In his last and unfinished novel, Patrick White has the seed of what was to be his final epic. With the trademark downbeat feeling that he does so well, the themes of longing and melancholy course through this work and punctuate right at the heart of the social ills that society attempts to hide beneath a veneer of respectability.

Class is the epitome of the social disease and this commentary into the nature of the adults is a parody of the respectability and selflessness they portray, the inherent selfishness of human nature, even in good acts is shown to be most farcical in the face of an innocent child's perception.
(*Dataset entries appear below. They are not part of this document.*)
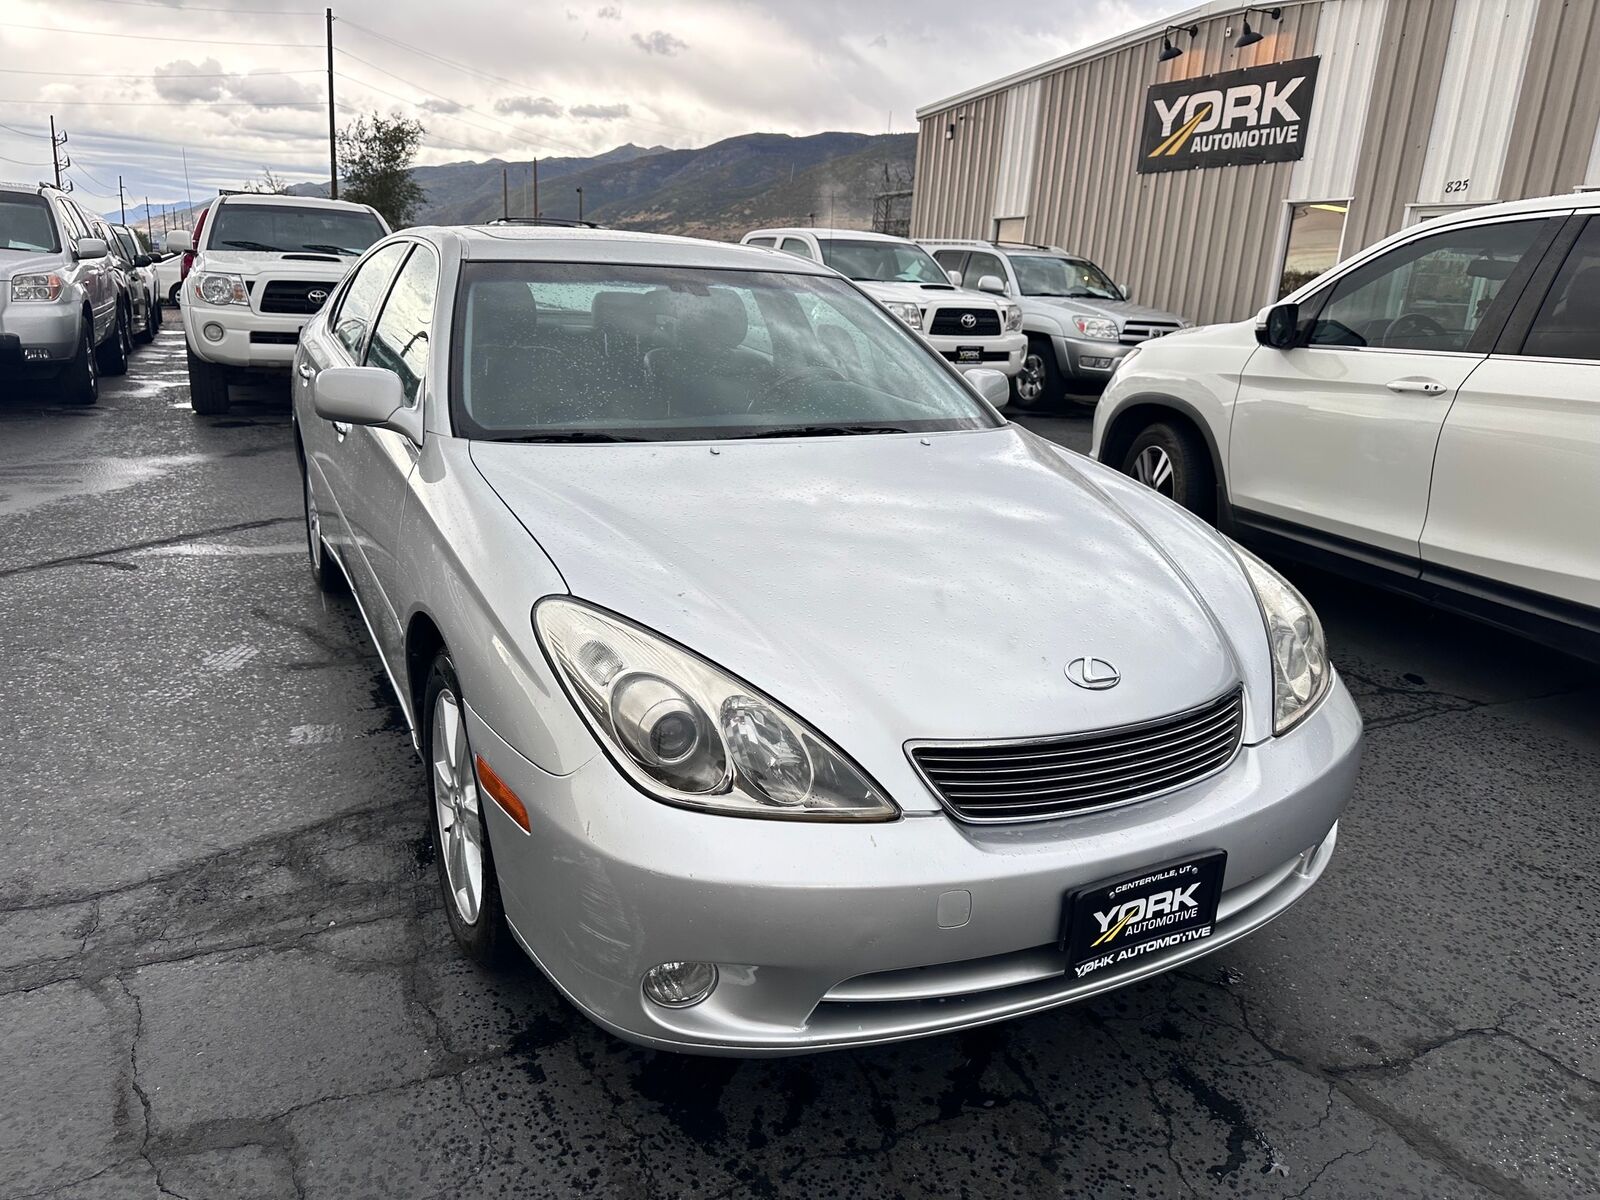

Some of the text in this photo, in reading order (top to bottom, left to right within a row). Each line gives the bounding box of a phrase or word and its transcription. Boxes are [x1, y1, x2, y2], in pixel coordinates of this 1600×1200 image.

[1153, 76, 1306, 137] YORK
[1190, 125, 1299, 153] AUTOMOTIVE
[1445, 179, 1470, 193] 825
[1115, 865, 1192, 893] CENTERVILLE, UT
[1093, 882, 1201, 933] YORK
[1125, 907, 1198, 936] AUTOMOTIVE
[1117, 926, 1211, 962] AUTOMOTIVE
the character viewpoint changes rapidly and seamlessly as innermost thoughts are explored in brutal honesty. At times, the perspective changes once or twice within the same paragraph but never to the detriment of the narrative flow. The beauty of White's style is that he leaves you in no doubt about what each character is doing or thinking at any time...in a way his style - for me - depicts the all round complete character portrait.

Every character has their bad points exquisitely rendered, be it class prejudice or pure ignorance of circumstance. This is off set with the frighteningly mature voices and views of the children, which are a merciless indictment of life and the circumstances it throws at people.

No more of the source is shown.